ちなみに、「操る」という言葉はレトリックではない。現在、韓国の閣僚は北朝鮮を批判できない。宥和政策の初期に、批判がましく北を評した国防相が、「和解政策に反する」と北に強硬に非難され、韓国の大統領に罷免された。こうした例が相次いで以降、北を批判する公職者は一切、途絶えた。

韓国の世論が、つまり普通の韓国人が「北との同伴者関係を絶とう」と決心するには、相当のエネルギーが要るだろう。まず、同伴者関係を絶てば崩壊するだあろう北朝鮮。これを背負い込む覚悟を再び社会的合意として作る必要がある。昔ならいざ知らず、いったんはその心の重荷を捨て去った後は容易ではない。

北朝鮮の核実験のあと、韓国紙で一度だけ「北崩壊の覚悟を」と韓国人に呼びかける記事が掲載されたが、無視された。「北の崩壊を語ること」は親北政権だけではなく、国民にとっても「聞くのも嫌なタブー」になっているからだろう。ちなみに、融和政策の下で韓国の政府機関は「北崩壊のシナリオ」を描いたり、それに備えたりするのは公式的に禁じられている。

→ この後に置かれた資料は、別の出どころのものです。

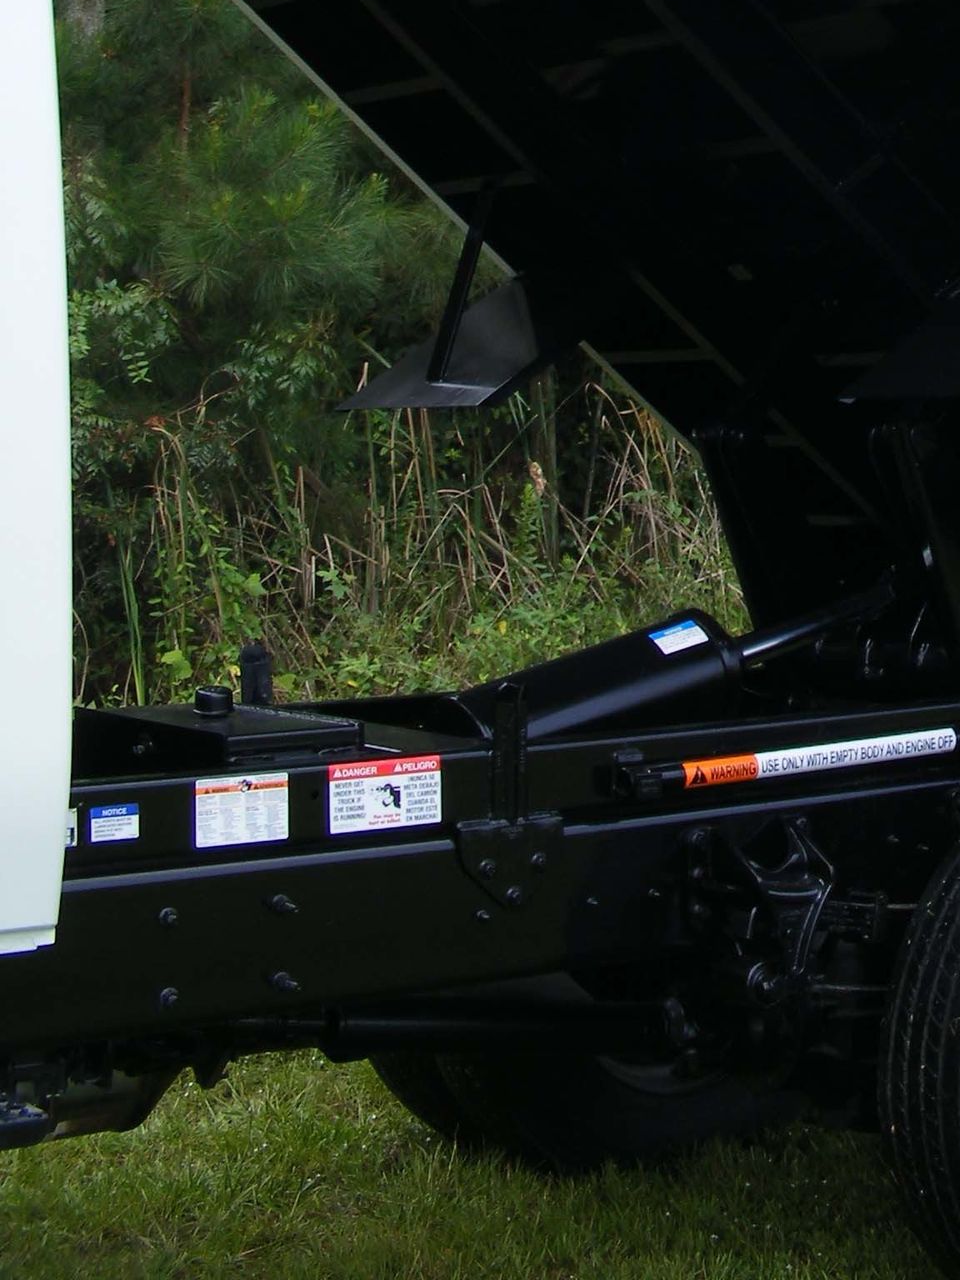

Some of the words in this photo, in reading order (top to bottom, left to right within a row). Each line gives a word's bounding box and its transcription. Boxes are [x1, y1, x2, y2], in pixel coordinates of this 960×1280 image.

さらに、同伴者関係を絶てば、当然、軍事的衝突の可能性が高まる。この10年間の融和政策で、長い間続いた戦時体制の重苦しい緊張感から解放され「日本人以上の平和ボケ」と称されるようになった韓国人が、昔の緊張感を取り戻すのはこれまた困難だ。

すっかり回った「毒」

盧武鉉大統領と小泉前首相の関係が悪化した時、日本の一部からは「靖国へ行くから日韓関係が悪化する」、あるいは「謝罪が足りないから韓国と仲良くなれない」という古典的言説が事実の裏づけもなしに語られた(「新しい日韓対立――本質は『歴史』ではなく『核』 2005年6月29日」を参照)。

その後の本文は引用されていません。